Cause and effect thinking: a new skill to teach and learn

Reading Time: 3 minutes
A lesson that applies to all students – and parents and all adults – is that of understanding the link between cause and effect. Teaching children the link between action or inaction and the result that follows, is very important. Cause and effect thinking is sometimes termed, “cause and consequence”, “action-reaction”, “what goes around, comes around” or “what you put in you get back”. Each of these characterizations aims to capture the idea that there is a direct link between effort and outcome or lack of effort and resulting effect.
Valuing things
The only way that the link between effort and outcome can be understood is if children are taught to value the results of action. A tidy room may be valued by parents, but it will not generally be valued by children. However, all people hate losing things and in order find life is generally smoother. Hence creating a love of order will help children understand the value of tidiness. Teaching cause and effect thinking, in classrooms and in homes, requires clarity by adults about what is expected and what is valued. It also requires consistency, compassion and care. This is because sometimes the effect of an action can be painful.
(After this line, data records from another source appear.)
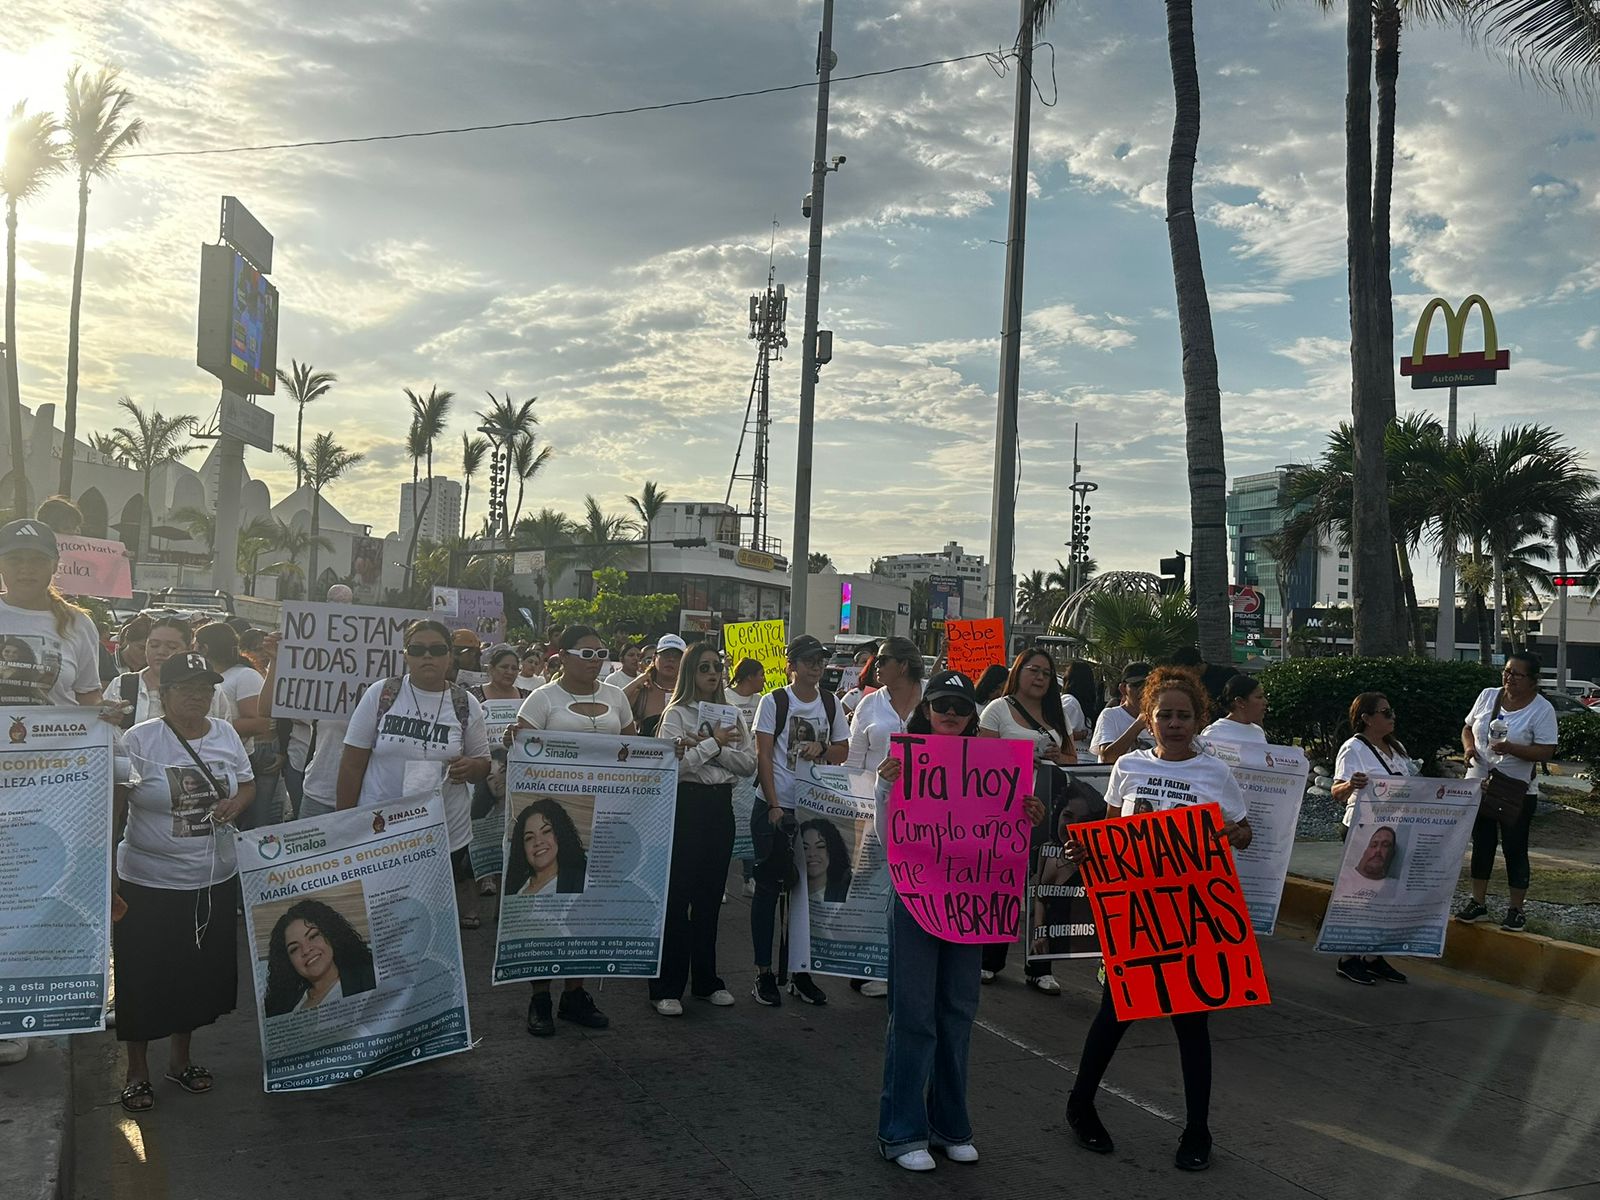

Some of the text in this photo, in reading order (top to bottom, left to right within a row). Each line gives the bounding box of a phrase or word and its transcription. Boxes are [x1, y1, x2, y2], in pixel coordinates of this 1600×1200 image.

[1432, 374, 1474, 383] AutoMac
[284, 611, 417, 646] NO ESTAM
[727, 622, 783, 648] Cecilia
[947, 621, 995, 641] Bebe
[285, 645, 359, 677] TODAS,
[275, 677, 348, 714] CECILIA
[32, 723, 87, 732] SINALOA
[380, 714, 450, 744] BROOKLYN
[381, 735, 405, 744] NEW
[545, 748, 578, 759] Sinaloa
[1217, 752, 1240, 762] Sinaloa
[0, 755, 87, 771] contrar a
[41, 771, 89, 785] FLORES
[524, 766, 584, 780] Ayúdanos
[587, 772, 594, 780] a
[597, 772, 649, 783] encontrar
[890, 736, 1021, 812] Tia hoy
[1252, 774, 1288, 784] encontrar
[515, 780, 661, 795] MARÍA CECILIA BERRELLEZA FLORES
[1164, 779, 1191, 791] FALTAN
[807, 787, 858, 807] Ayúdanos
[1136, 786, 1198, 803] CECILIA Y CRISTINA
[388, 806, 428, 821] SINALOA
[798, 797, 824, 812] MARÍA
[826, 806, 854, 817] CECILIA
[1386, 815, 1415, 824] ANTONIO
[892, 810, 1027, 864] Cumplo años
[284, 838, 327, 855] Sinaloa
[1042, 845, 1063, 859] HOY
[1071, 809, 1232, 887] HERMANA
[267, 855, 340, 885] Ayúdanos
[343, 855, 352, 864] a
[355, 838, 421, 862] encontrar
[260, 848, 437, 901] MARÍA CECILIA BERRELLEZA FLORES
[890, 861, 927, 889] me
[1037, 885, 1086, 898] QUEREMOS
[900, 893, 942, 932] TU
[945, 892, 1021, 937] ABRAZO
[1095, 877, 1246, 956] FALTAS
[1049, 923, 1095, 937] QUEREMOS
[568, 948, 588, 956] ayuda
[21, 982, 45, 991] esta
[50, 979, 99, 992] persona,
[7, 996, 31, 1006] muy
[367, 1032, 404, 1048] referente
[271, 1063, 295, 1075] llama
[357, 1050, 367, 1059] Tu
[315, 1074, 328, 1083] 327
[330, 1072, 349, 1080] 8424
Parents and teachers are never so powerless as watching a child do things that will inevitably lead to harm – but which they know they must allow. Such things include allowing a child to learn to fall while learning about balance when riding a bike; or  accepting the child’s choice of clothes even if the child will be cold later for lack of a jacket (the caring parent has brought one anyway in anticipation). It also means as a child matures, generally accepting their choices in friends, including girlfriend or boyfriend.
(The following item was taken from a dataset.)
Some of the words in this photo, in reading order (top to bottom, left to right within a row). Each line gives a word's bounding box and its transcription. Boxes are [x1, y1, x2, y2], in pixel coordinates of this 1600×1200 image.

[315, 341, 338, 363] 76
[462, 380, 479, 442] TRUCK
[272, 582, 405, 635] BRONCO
Knowing how to learn from mistakes is the central tenet of cause and effect understanding. This means that rather than tell children what they have learnt, parents and teachers need to give room for a child to express their own understanding. In this way the child will own the experience and the learning. In education it is said that the speedier the feedback the better the learning. This is generally true as a person benefiting from an action may fail to see any issue with such an action if a negative consequence is revealed later. Consider this: a child being entertained year after year for hours each day by an iPad may not easily understand how to be focused during a three-hour exam. Similarly, later in life, a bully who rises the corporate ladder through unbridled ambition may not easily appreciate the value of friendships that run deeper than title or what a person holds. Sometimes, it takes time for the action and the consequence to materialize. The bridge to understanding cause
and effect of this nature is called humility, but humility is not evidenced in the pride of being “humbled”.
Is karma a bitch?
It is often said in jest that ‘karma is a bitch’. In cause and effect thinking this take on karma is never positive. That is, when discipline and effort lead to good grades or a university offer – no-one characterizes karma as a bitch. It seems that only actions
that lead to pain levy this feature on karma. If karma is a precept linking deed with outcome, then surely it cannot be negatively construed.
So, should cause and effect thinking be taught through the maxim, “no pain, no gain”? Here the question of ‘what is pain?’ needs to be addressed. If pain means discipline, focus or doing something that takes effort then it sounds true. Without effort nothing can be achieved. However, equating effort with pain or even boredom must be raised. Children need to know that effort is intrinsically meaningful and honest, even if the desired outcome is not achieved. Learning to love effort or making repeated attempts is central to understanding cause and effect thinking. Sacrifice is experienced as its own reward when cause and effect thinking is properly understood.
Subtle things that mean so much more
Over time cause and effect thinking should lead to children learning to attend to details and to question fully. It should lead to the understanding that waste in all its forms impacts the
environment, that thinking impacts attitudes and that anything of value is built slowly, over time. If cause and effect thinking is well taught in schools and in families then we will create insightful adults rather than shallow, selfish, impetuous ones who measure themselves by what they have rather or what they do than who they are.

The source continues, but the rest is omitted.